C’est le cas de l’Opéra Grand Avignon qui proposait pour cette fin d’année (imaginée festive) La Veuve Joyeuse de Franz Lehár. Pour l’occasion un petit nombre de journalistes étaient conviés le dimanche 27 décembre à l’Opéra Confluence qui depuis 2017 sert de repli pendant les travaux de l’Opéra Grand Avignon. Cette structure n’a sûrement pas les atouts d’une salle traditionnelle et ses défauts acoustiques sont hélas notables lorsqu’elle est privée de spectateurs. Par chance ce spectacle a été capté ce jour là pour la chaîne YouTube du théâtre afin d’être diffusé pour le réveillon de la Saint Sylvestre (et maintenu en ligne pour les 15 premiers jours de l’année). La retransmission bénéficie d’une technique gommant les défauts relevés dans la salle et l’on ne peut que louer les qualités de cette captation. Voilà un spectacle revigorant qui aurait pu être retransmis sur une chaîne nationale et aurait mis un peu de couleurs et de bulles de rêves aux restrictions gouvernementales de cette soirée de réveillon.
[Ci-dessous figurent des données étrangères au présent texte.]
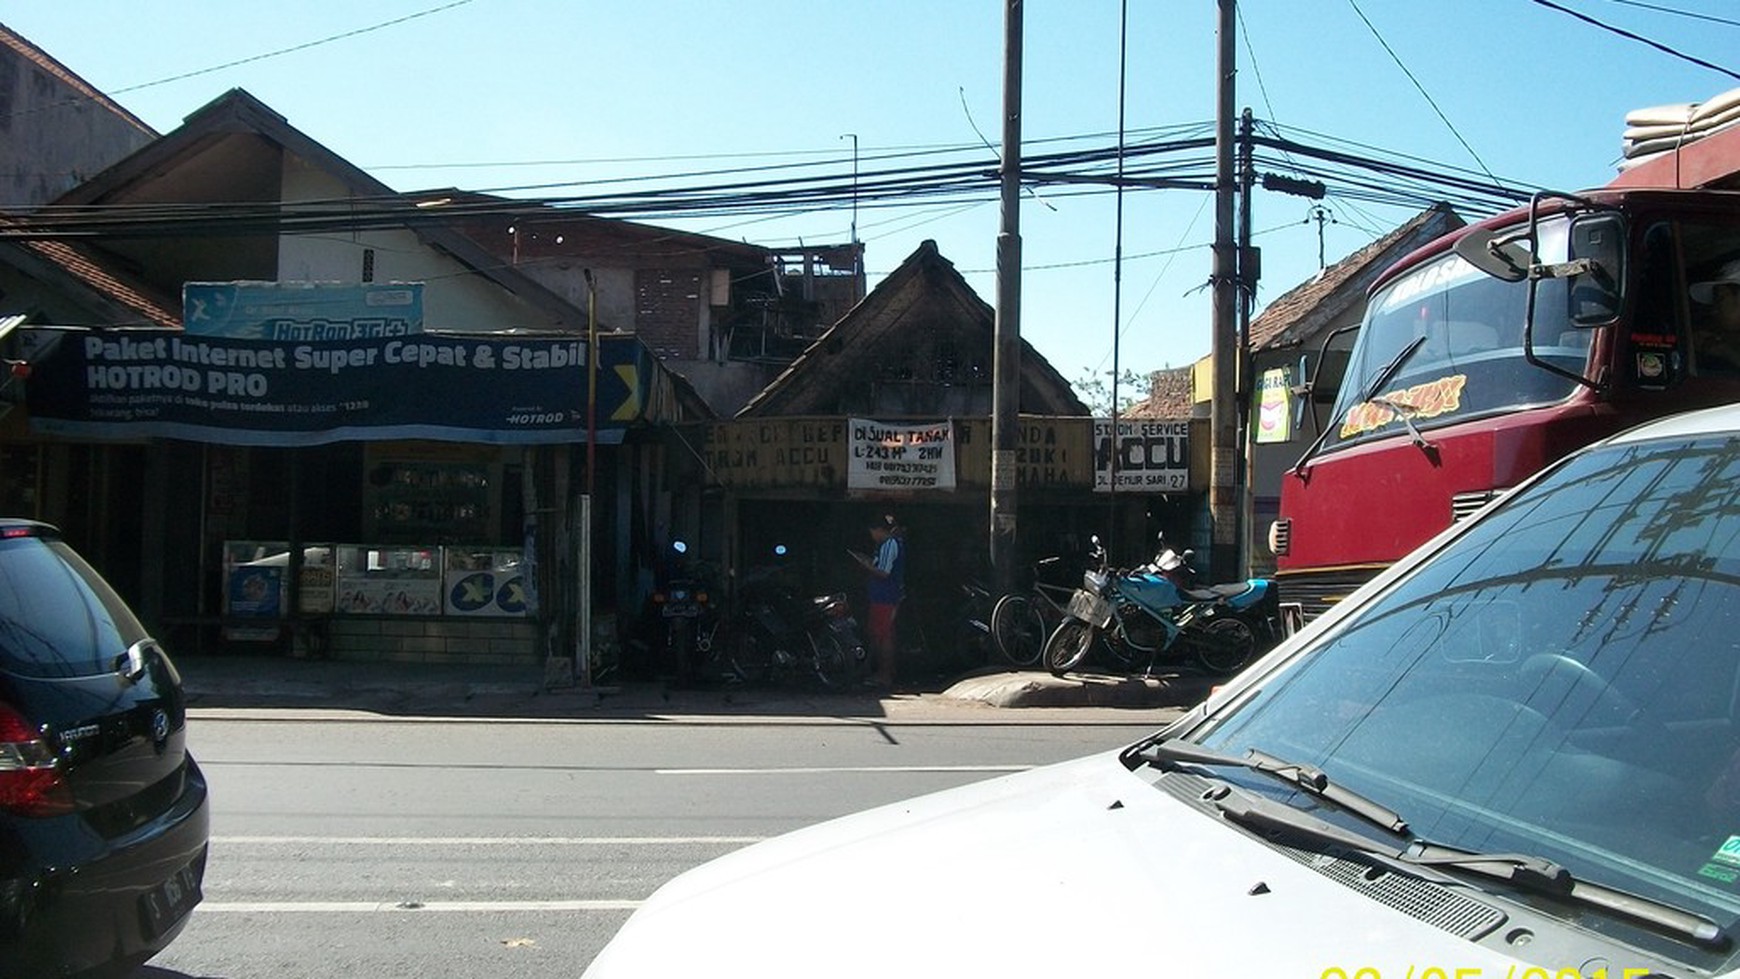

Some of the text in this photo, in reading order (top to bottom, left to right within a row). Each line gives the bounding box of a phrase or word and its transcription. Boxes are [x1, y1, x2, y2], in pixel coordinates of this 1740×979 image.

La mise en scène de Fanny Gioria propose une « mise en abyme » qui déroute au début et se raccorde parfois un peu sur le fil au livret original pour mener à bien cet exercice de théâtre dans le théâtre. Mais la direction d’acteurs est efficace et précise, pas de temps morts, touts chantent et dansent parfaitement et prennent plaisir à jouer. Les décors d’Eric Chevalier, les costumes d’Erick Plaza Cochet, les perruques de Sandrine Degioanni sont un atout pour cette nouvelle production ( en coproduction avec l’Avant-Scène Opéra, Neuchâtel), dont on retiendra particulièrement un deuxième acte dans des jardins où évoluent des femmes-fleurs d’un extrême raffinement.
La distribution est très homogène, tous sont jeunes et beaux et les deux couples principaux Erminie Blondel (Missia Palmieri) / Philippe-Nicolas Martin (Prince Danilo), Caroline Mutel (Nadia Popoff) / Samy Camps (Camille de Coutançon) sont vocalement et physiquement convaincants surtout-au risque de se répéter-à l’écran où les voix sont plus sonores et mieux mises en valeur que dans la salle de l’Opéra Confluence. Guillaume Paire compose un Baron Popoff truculent tandis que Baptiste Joumier (Figg), Pierre-Emmanuel Roubet (Lérida), et Jean-François Baron (D’Estillac) complètent plus qu’honorablement le reste de la distribution.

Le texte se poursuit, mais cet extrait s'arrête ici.